Autour de la table siégeaient son allié hongrois Viktor Orbán, et les dirigeant·es d’Autriche, de Chypre, de Grèce, des Pays-Bas, de Slovaquie, du Danemark (la sociale-démocrate Mette Frederiksen), ou encore de Pologne (le libéral Donald Tusk), sans oublier la présidente de la Commission, Ursula von der Leyen, qui vient de plaider pour des « solutions innovantes » afin de contrer l’immigration.
Durant ce mini-sommet avant le sommet, Meloni a présenté les grands axes de l’accord qu’elle a conclu en 2023 avec l’Albanie, petit pays aux frontières de l’UE où viennent de s’ouvrir des centres de traitement des demandes d’asile gérés à distance par l’Italie. « L’ambiance a changé en Europe » sur les questions migratoires, s’est ainsi félicité Dick Schoof, ce Néerlandais sans affiliation partisane, devenu premier ministre après avoir bénéficié du soutien de Geert Wilders, l’allié de Marine Le Pen aux Pays-Bas.

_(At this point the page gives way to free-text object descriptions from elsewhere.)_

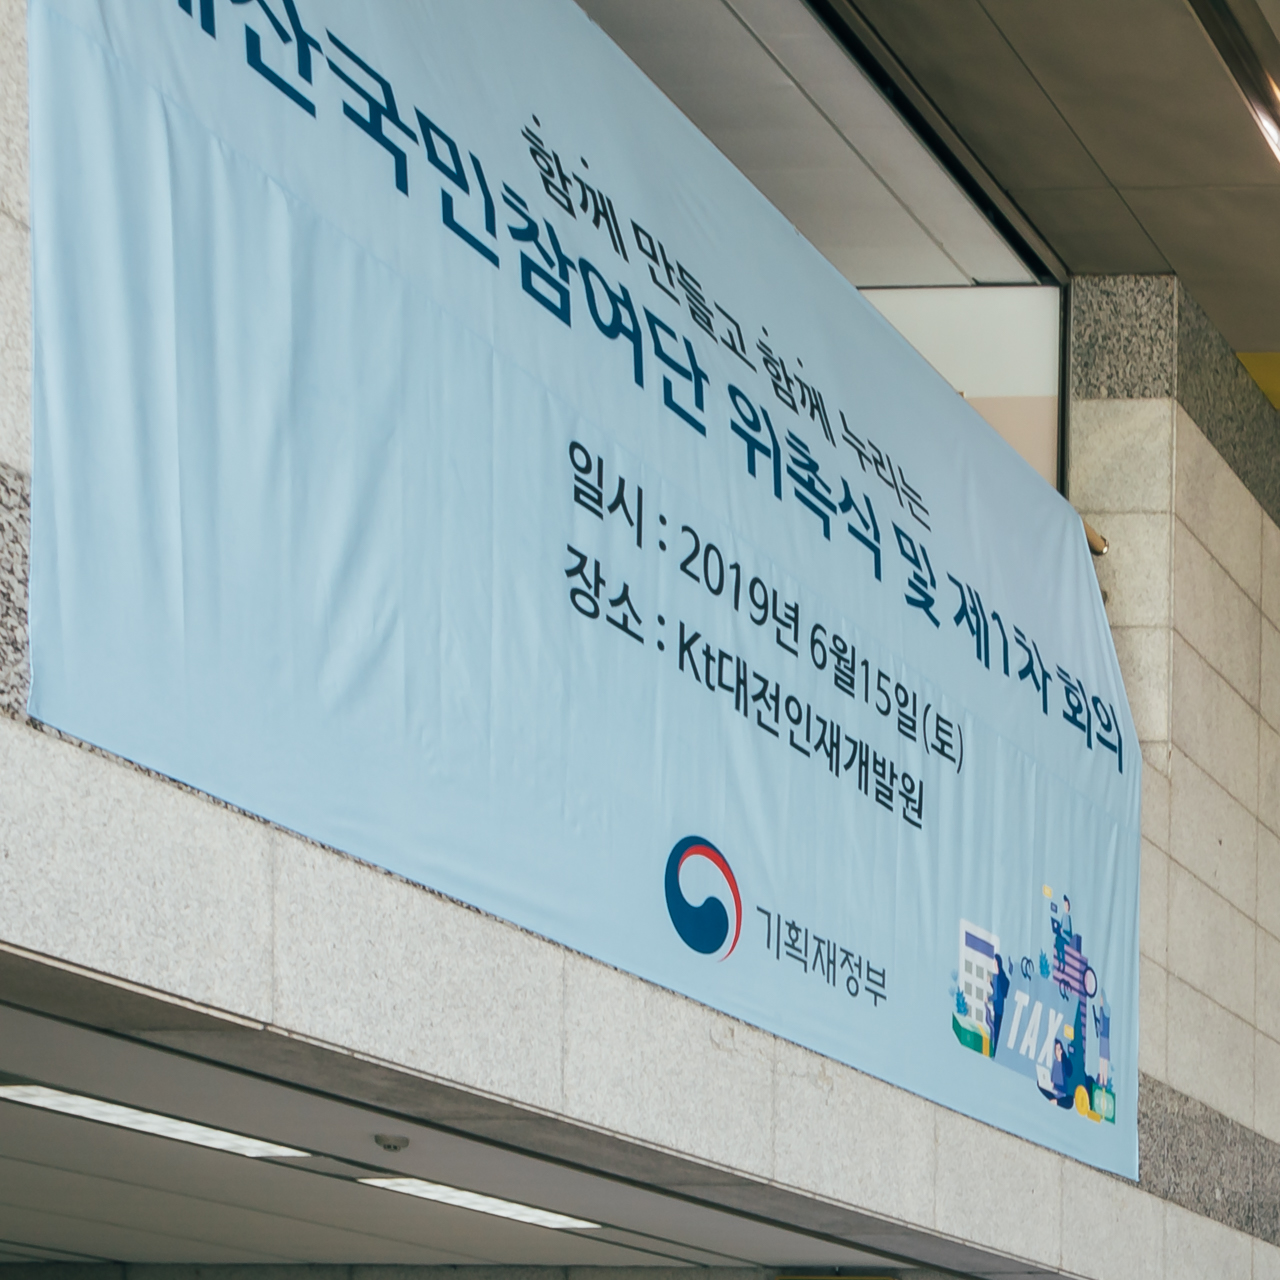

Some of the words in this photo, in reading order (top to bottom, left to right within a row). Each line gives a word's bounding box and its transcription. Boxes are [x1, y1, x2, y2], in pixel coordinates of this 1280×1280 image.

[178, 0, 711, 438] 산국민참여단
[726, 383, 882, 582] 위촉식
[891, 520, 941, 629] 및
[946, 571, 1053, 716] 제1차
[1055, 663, 1124, 775] 회의
[521, 114, 629, 263] 함께
[630, 218, 758, 373] 만들고
[756, 326, 836, 448] 함께
[838, 409, 932, 533] 누리는
[564, 543, 645, 645] 장소
[678, 619, 925, 830] Kt대전인재개발원
[567, 440, 644, 549] 일시
[679, 525, 800, 658] 2019년
[809, 622, 964, 775] 6월15일(토)
[756, 904, 888, 1008] 기획재정부
[1005, 989, 1065, 1069] TAX
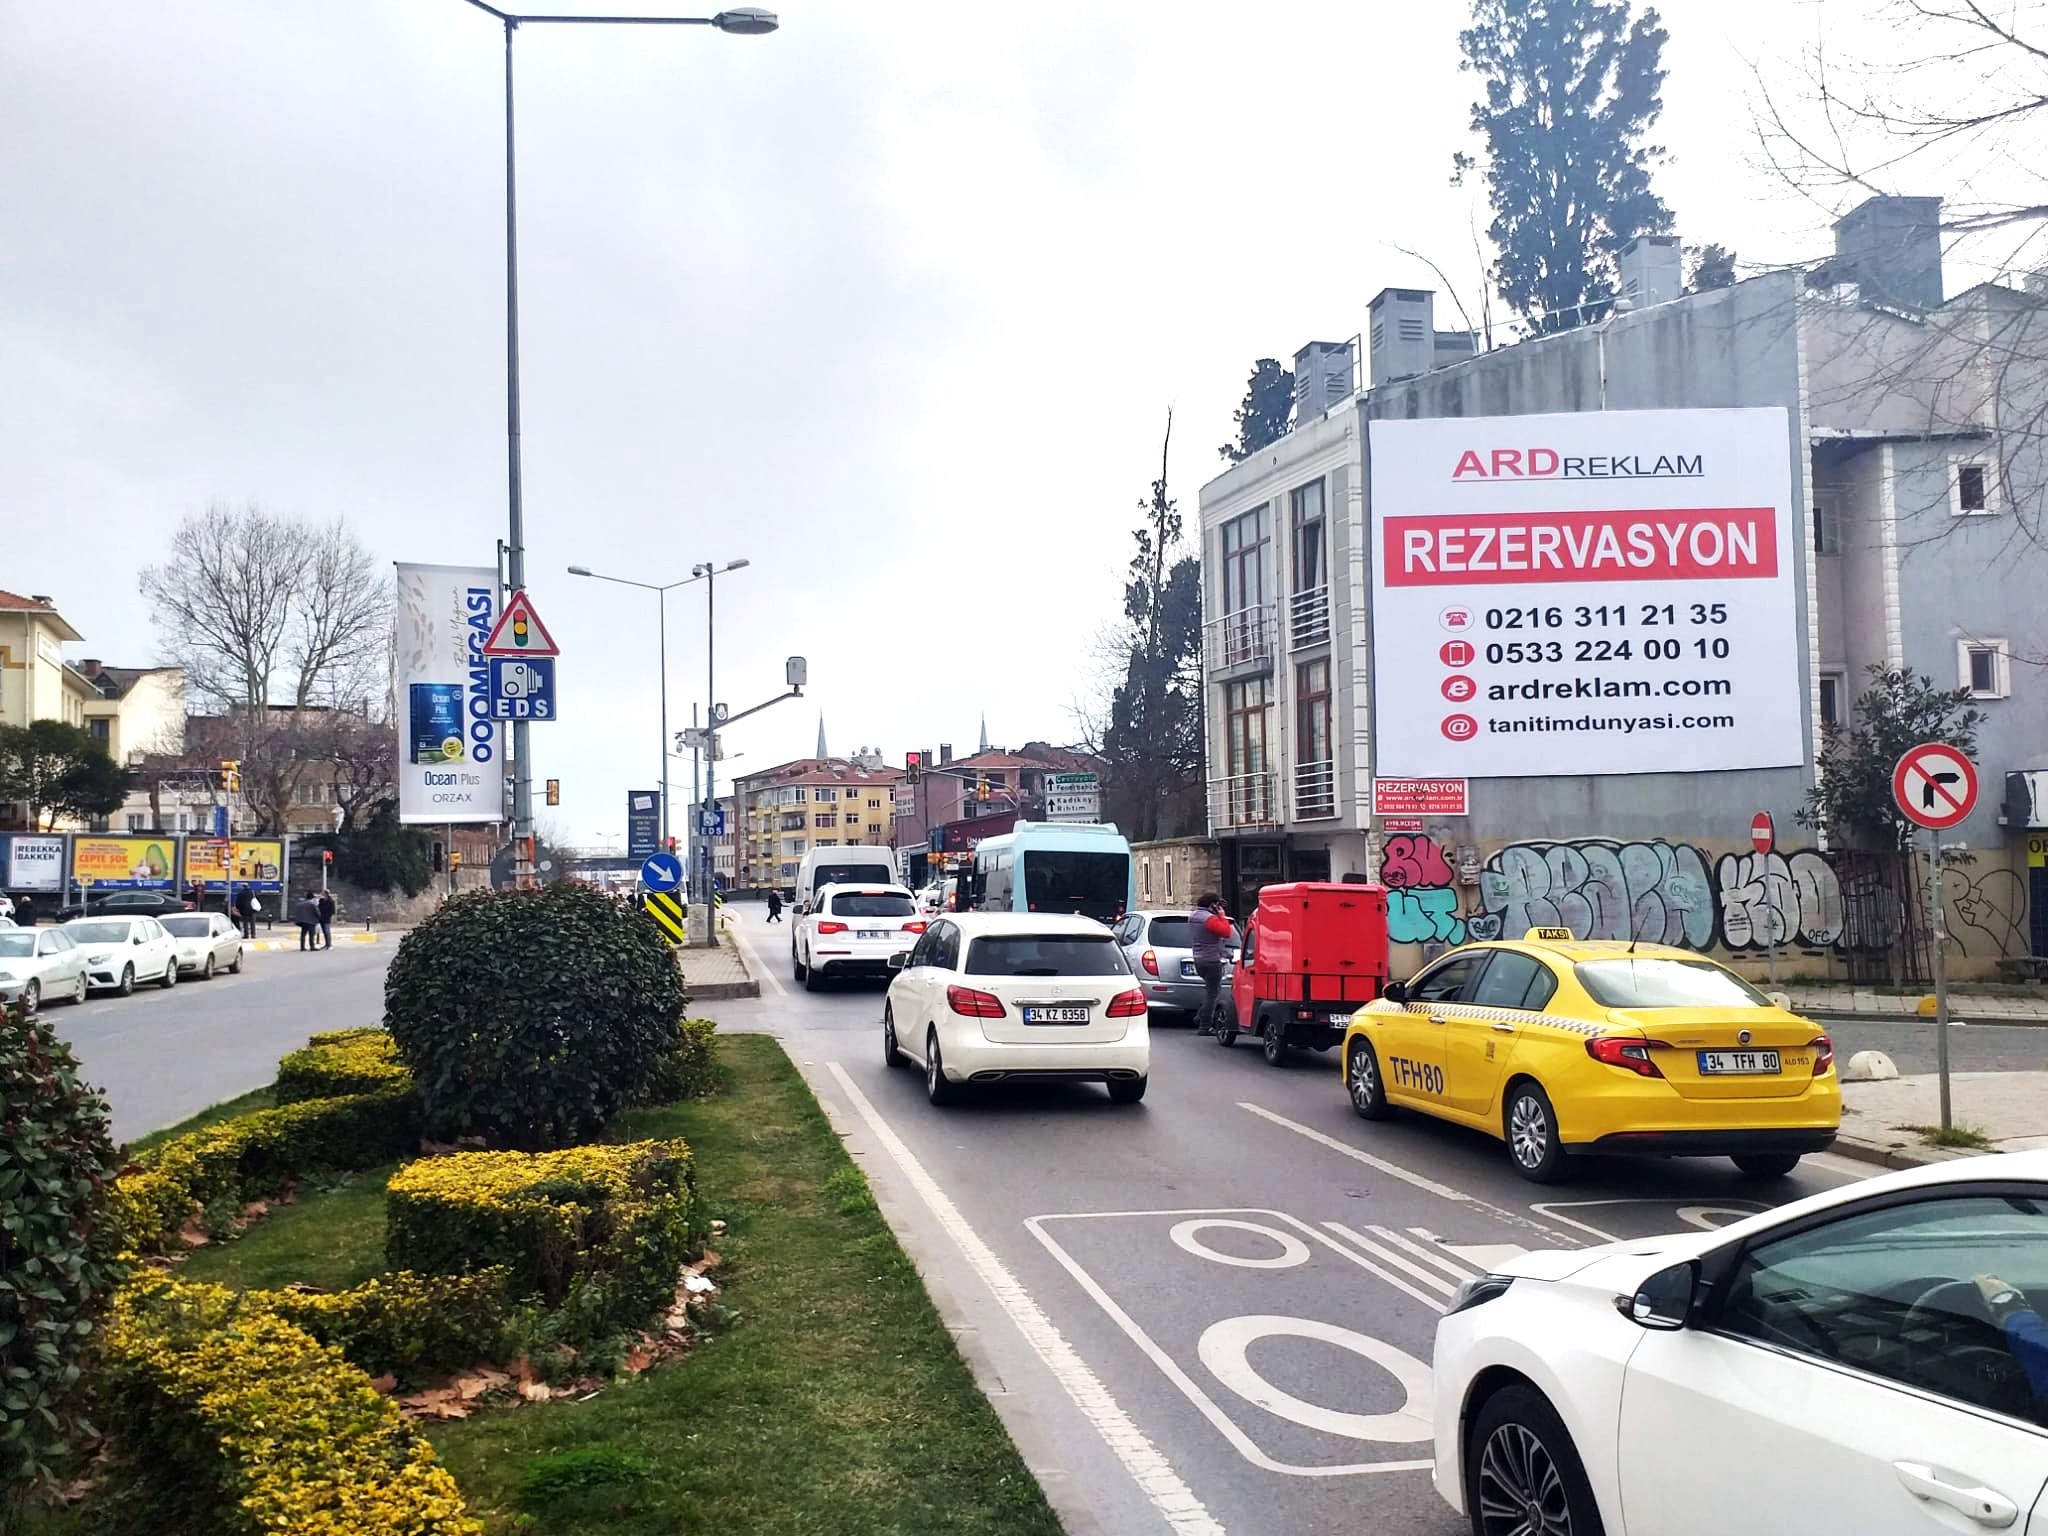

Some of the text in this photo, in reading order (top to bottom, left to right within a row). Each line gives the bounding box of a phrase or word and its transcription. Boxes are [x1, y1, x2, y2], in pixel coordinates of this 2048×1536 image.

Interrogé dans Le Figaro, François-Xavier Bellamy assume cette alliance des droites :
[…] Nous vivons surtout une nouvelle donne politique en Europe. Au Parlement, le PPE a grandi, et il a gagné une position incontournable, alors que la gauche a beaucoup diminué. Pendant le dernier mandat, une alliance régulière réunissait contre nous des élus allant de Renew (parti macroniste) jusqu’à l’extrême gauche, pour imposer la décroissance environnementale, l’inflation normative, l’impuissance migratoire… Désormais, cette alliance de gauche n’a plus de majorité. Dans cette position de force, nous avons une occasion inédite de permettre enfin un changement profond en Europe.
N’existe-t-il pas un risque pour le PPE de s’allier avec des partis jugés « populistes » ou « extrémistes » ?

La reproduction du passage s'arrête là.